Recorded data >>

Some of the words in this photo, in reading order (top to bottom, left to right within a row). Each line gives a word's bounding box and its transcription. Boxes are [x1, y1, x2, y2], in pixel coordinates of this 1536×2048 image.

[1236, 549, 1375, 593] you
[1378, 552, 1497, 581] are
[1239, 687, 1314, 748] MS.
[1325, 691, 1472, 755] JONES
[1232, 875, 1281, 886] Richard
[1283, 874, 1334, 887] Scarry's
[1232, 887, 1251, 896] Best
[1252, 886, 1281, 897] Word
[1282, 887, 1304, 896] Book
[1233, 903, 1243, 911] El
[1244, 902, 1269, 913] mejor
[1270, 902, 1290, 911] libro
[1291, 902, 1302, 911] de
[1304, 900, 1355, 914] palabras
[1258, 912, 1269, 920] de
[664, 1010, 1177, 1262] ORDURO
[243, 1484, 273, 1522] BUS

What you are asked to do >> Would you copy the entire listing exactly, missing nothing?

Task result >>
Some of the words in this photo, in reading order (top to bottom, left to right within a row). Each line gives a word's bounding box and its transcription. Boxes are [x1, y1, x2, y2], in pixel coordinates of this 1536×2048 image.

[1236, 549, 1375, 593] you
[1378, 552, 1497, 581] are
[1239, 687, 1314, 748] MS.
[1325, 691, 1472, 755] JONES
[1232, 875, 1281, 886] Richard
[1283, 874, 1334, 887] Scarry's
[1232, 887, 1251, 896] Best
[1252, 886, 1281, 897] Word
[1282, 887, 1304, 896] Book
[1233, 903, 1243, 911] El
[1244, 902, 1269, 913] mejor
[1270, 902, 1290, 911] libro
[1291, 902, 1302, 911] de
[1304, 900, 1355, 914] palabras
[1258, 912, 1269, 920] de
[664, 1010, 1177, 1262] ORDURO
[243, 1484, 273, 1522] BUS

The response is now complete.